Two statistics about land use in Germany
Source: German Federal Ministry of Food and Agriculture / Federal Statistical Office

The research project

The Justus Liebig University Giessen (JLU) is conducting several permanent field trials on agricultural land, the oldest of which was established back in 1954. Corn, winter wheat and spring barley are being cultivated in a three-year crop rotation on the plots. Different methods of fertilization are being used in each case. Regular soil sampling is being used to investigate the long-term effect on the soil and crop yields of mineral nitrogen, phosphorus and potassium fertilization (NPK fertilization) in combination with the use of stable manure.

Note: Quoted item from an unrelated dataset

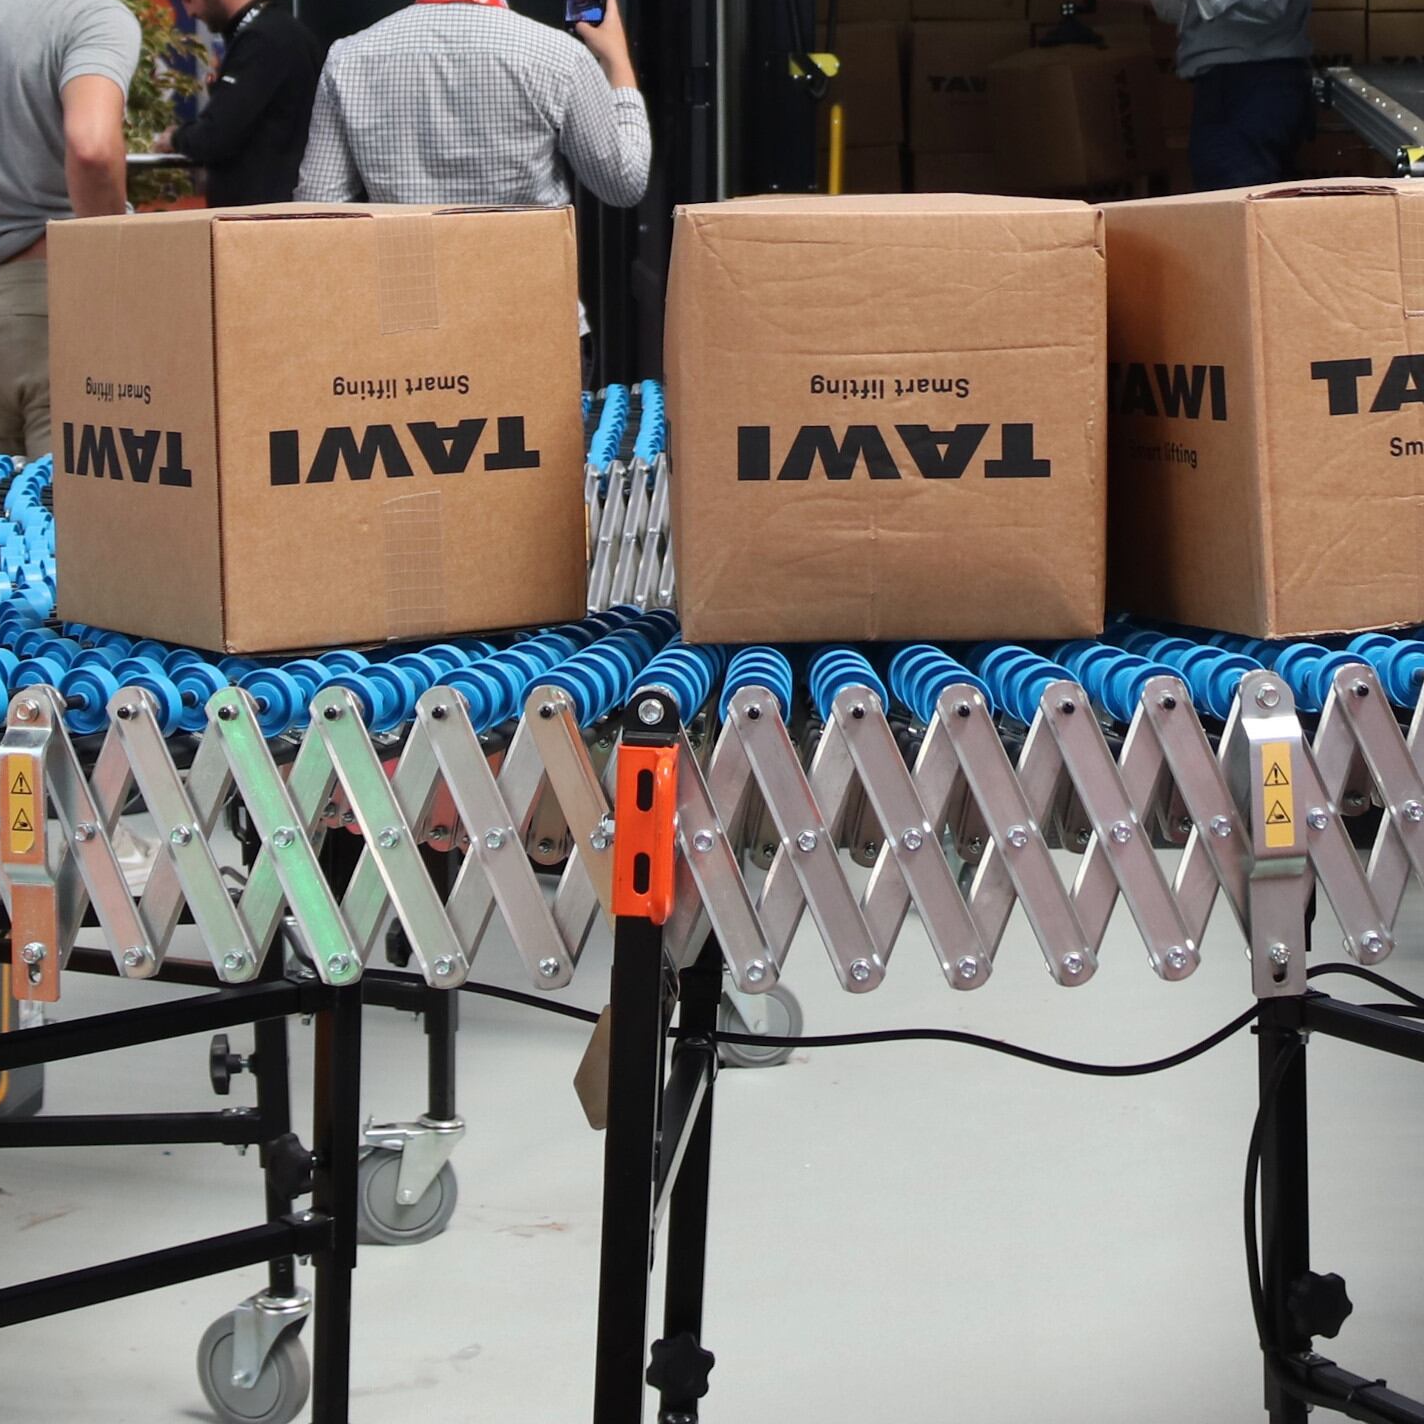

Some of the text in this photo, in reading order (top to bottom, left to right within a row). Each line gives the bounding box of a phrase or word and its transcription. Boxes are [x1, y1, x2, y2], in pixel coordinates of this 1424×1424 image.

Permanent field trials with different crops
International organic nitrogen fertilization trial in Rauischholzhausen (JLU Giessen): 3 plants (corn, wheat, barley), 3 levels of organic fertilizer (none, stable manure, straw/mulch), 5 levels of N fertilizer (none up to optimal), repeated 3 times

Two factors in particular have a positive effect on carbon accumulation in the soil: regular organic fertilization, with straw or compost, for example, and regular cultivation of summer catch crops. These were the observations of the researchers in Professor Honermeier’s faculty during their trials. They also discovered that the combination of nitrogen-phosphorus-potassium fertilization with regular organic fertilization results in the highest and most stable yields. Nitrogen is the most important nutrient that most clearly influences plant growth and, as a result, food production.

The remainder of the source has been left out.